Un jour, il y aura plus de morts que de vivants sur Facebook

Dans le premier cas, entre 2018 et 2100, 1,4 milliard d’utilisateurs auront trépassé (soit 98 % des utilisateurs de 2018). Le pic apparaîtrait en 2077, avec 29 millions de décédés pour cette seule année. La barre du milliard de décédés serait franchie en 2079. Un jour, donc, il y aurait plus de morts que de vivants sur Facebook, un scénario possible, sauf si un concurrent de Facebook voit le jour et rend ce dernier désuet du jour au lendemain.

Dans le second scénario, le nombre de morts exploserait forcément avec le temps sans toutefois dépasser le nombre de vivants avant 2100. Mais il y aurait tout de même 4,9 milliards de profils mortuaires d’ici là. C’est quelque part au XXIIe siècle qu’apparaîtrait la parité entre morts et vivants.

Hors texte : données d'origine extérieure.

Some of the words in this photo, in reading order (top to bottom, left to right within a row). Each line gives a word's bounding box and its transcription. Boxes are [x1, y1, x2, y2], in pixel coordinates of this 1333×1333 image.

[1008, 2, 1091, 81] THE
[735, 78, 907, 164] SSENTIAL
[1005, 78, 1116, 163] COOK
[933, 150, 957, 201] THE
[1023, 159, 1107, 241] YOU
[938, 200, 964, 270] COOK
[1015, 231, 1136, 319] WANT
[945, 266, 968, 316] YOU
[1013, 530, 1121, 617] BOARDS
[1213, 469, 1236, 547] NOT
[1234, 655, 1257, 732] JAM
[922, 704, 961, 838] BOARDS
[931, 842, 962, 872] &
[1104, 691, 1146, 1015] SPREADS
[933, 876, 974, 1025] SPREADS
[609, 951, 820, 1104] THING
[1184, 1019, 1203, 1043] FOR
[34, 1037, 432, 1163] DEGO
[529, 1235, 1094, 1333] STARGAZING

La réalité se situe évidemment entre ces deux extrêmes. La vérité, c’est surtout que Facebook va d’ici le milieu du siècle devoir gérer le profil, les données et l’héritage numérique de centaines de millions de personnes, c’est-à-dire de l’humanité ! Facebook n’est d’ailleurs pas le seul : tous les autres réseaux sociaux, de Twitter à Linkedin, seront confrontés au même défi.

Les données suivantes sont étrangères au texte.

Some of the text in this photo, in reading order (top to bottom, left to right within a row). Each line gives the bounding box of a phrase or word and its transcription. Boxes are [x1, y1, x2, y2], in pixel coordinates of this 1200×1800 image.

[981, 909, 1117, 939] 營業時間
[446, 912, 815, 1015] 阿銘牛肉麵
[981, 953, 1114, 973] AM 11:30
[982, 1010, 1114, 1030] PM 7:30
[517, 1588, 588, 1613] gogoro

Héritage numérique, bien commun ou propriété de Facebook ?

La question qui se pose est donc : cet héritage numérique doit-il devenir un bien commun, ou rester la propriété de Facebook ? Les historiens, à commencer par eux, ne nous pardonneraient pas que ces données, qui représenteront une ressource essentielle pour comprendre notre siècle, deviennent inaccessibles.

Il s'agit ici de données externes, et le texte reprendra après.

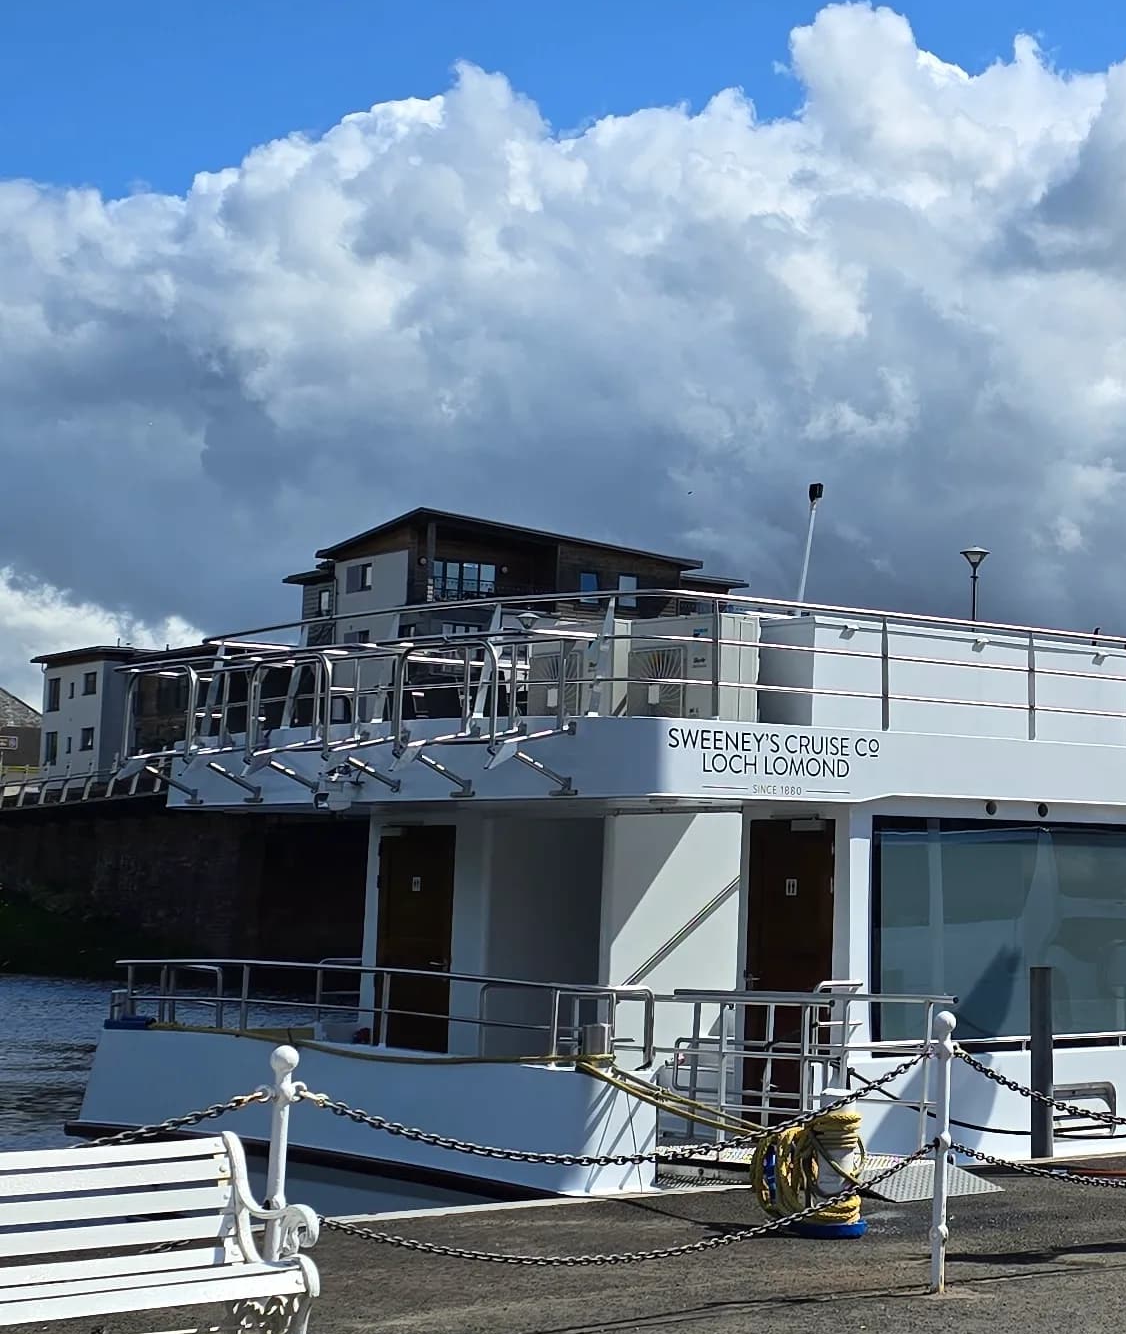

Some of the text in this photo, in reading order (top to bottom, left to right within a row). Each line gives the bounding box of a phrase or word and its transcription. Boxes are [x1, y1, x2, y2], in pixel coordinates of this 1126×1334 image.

[668, 727, 780, 753] SWEENEY'S
[784, 734, 850, 756] CRUISE
[702, 753, 850, 778] LOCH LOMOND
[752, 784, 802, 796] SINCE 1880
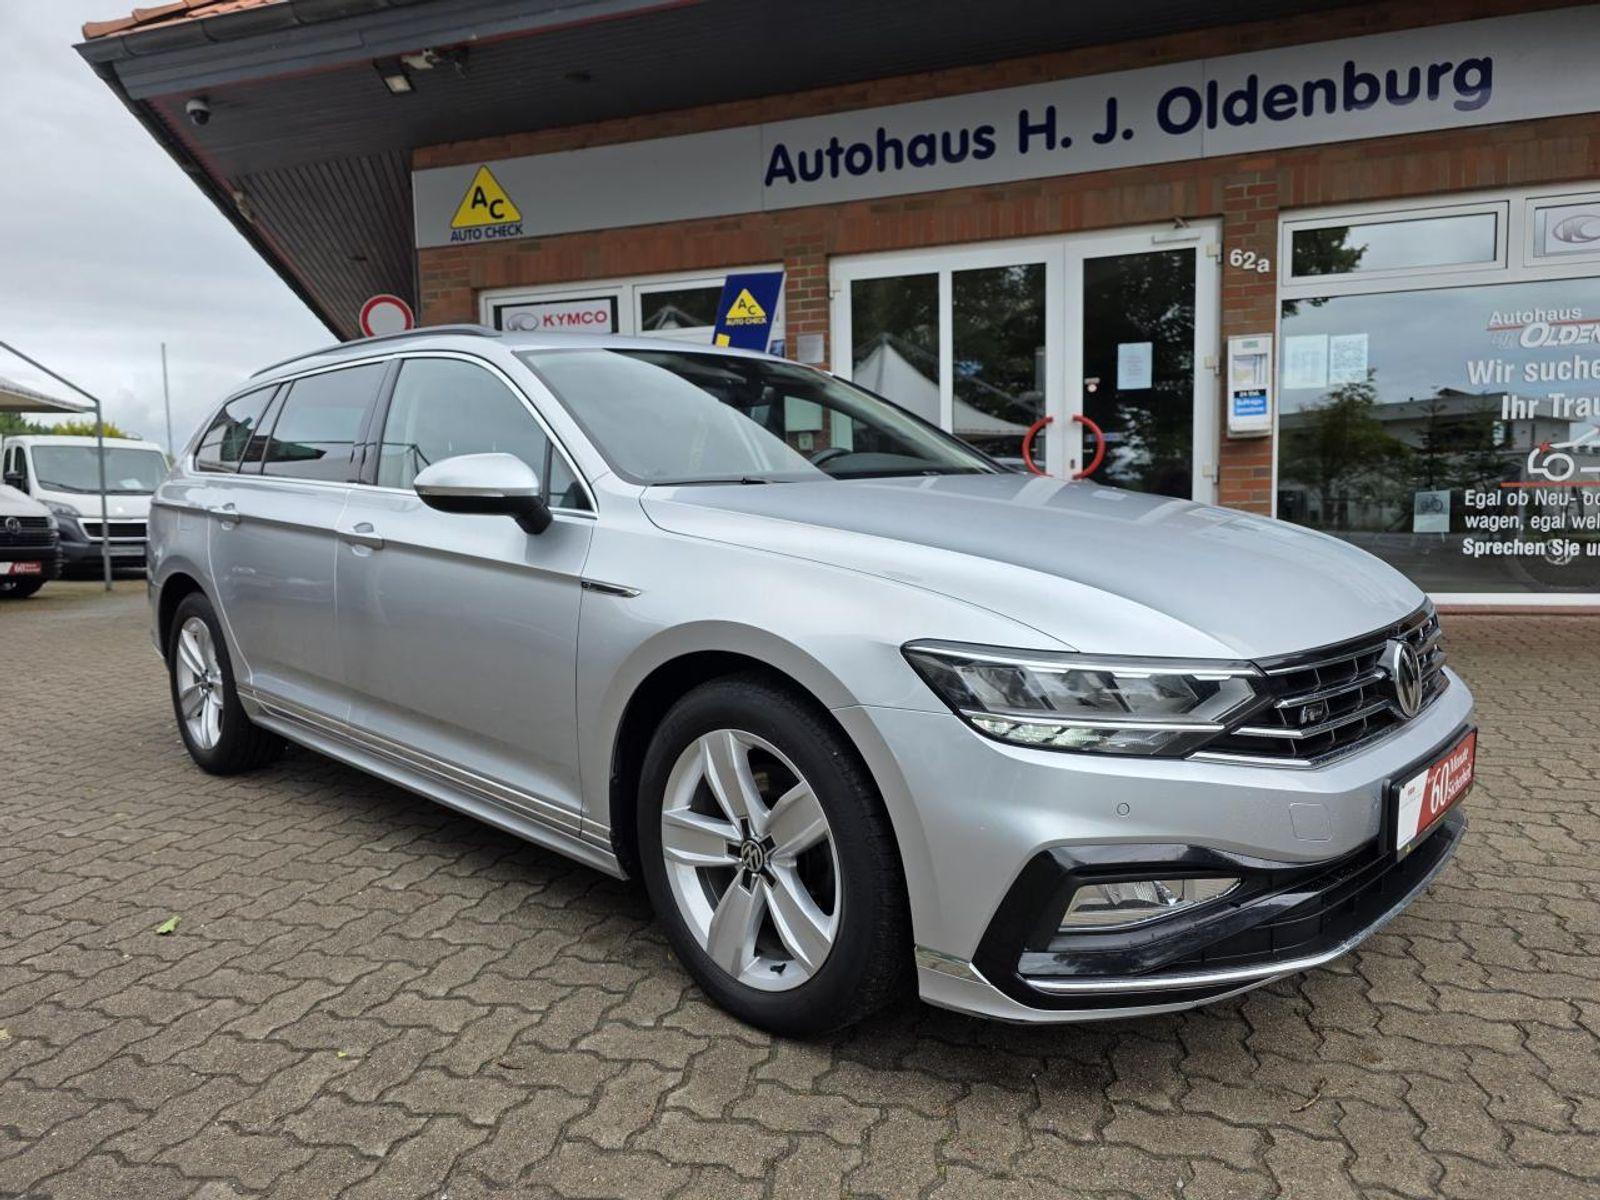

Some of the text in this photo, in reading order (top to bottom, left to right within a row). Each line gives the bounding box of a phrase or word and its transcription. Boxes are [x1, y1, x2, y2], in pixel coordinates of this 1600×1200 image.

[764, 55, 1494, 187] Autohaus H. J. Oldenburg
[450, 224, 524, 242] AUTO CHECK
[1230, 249, 1270, 273] 62a
[542, 310, 608, 327] KYMCO
[1489, 308, 1582, 326] Autohaus
[1467, 359, 1515, 385] Wir
[1501, 394, 1539, 420] Ihr
[1464, 489, 1501, 508] Egal
[1507, 489, 1529, 506] ob
[1534, 489, 1577, 506] Neu-
[1465, 514, 1524, 532] wagen,
[1530, 512, 1566, 532] egal
[1462, 538, 1545, 558] Sprechen
[1551, 538, 1580, 556] Sie
[1430, 762, 1449, 814] 60

Leur préservation sera un défi. On croit à tort que, sous forme numérique, les données se conservent parfaitement et indéfiniment. Mais la technologie change et le format des fichiers évolue, de telle sorte que des archives numériques devront être continuellement entretenues et restaurées ! Cela coûtera de l’argent et Facebook, même s’il est prêt à léguer cet héritage, ne le fera pas gratuitement.

La valeur d’une donnée numérique, d’un mort de surcroît, n’est pas qu’économique : elle acquiert un surplus de valeur sentimentale, religieuse, esthétique, historique. Selon le pays ou le continent, ces valorisations seront différentes. Or aujourd’hui, ce ne sont ni les utilisateurs, vivants ou morts, ni les autorités politiques ou religieuses qui déterminent comment les données de ceux qu’ils représentent sont gérées. C’est Facebook. On a déjà vu éclater des conflits ethniques ou religieux pour moins que cela !

Pour la société commerciale qu’est Facebook, une bonne raison de garder les données des morts est de maintenir le trafic qu’elles génèrent. Sans quoi ses actionnaires le pénaliseraient de garder des données inutiles dont le volume va enfler. Or le Réglement général sur la protection des données (RGPD) n’a pas prévu le consentement des morts : rien n’empêche donc Facebook d’utiliser leurs données pour des buts qui seraient plus difficilement atteignables s’il fallait obtenir le consentement des vivants. Des morts récents ne sont pas tellement différents des vivants quant à la qualité et la pertinence de leurs données…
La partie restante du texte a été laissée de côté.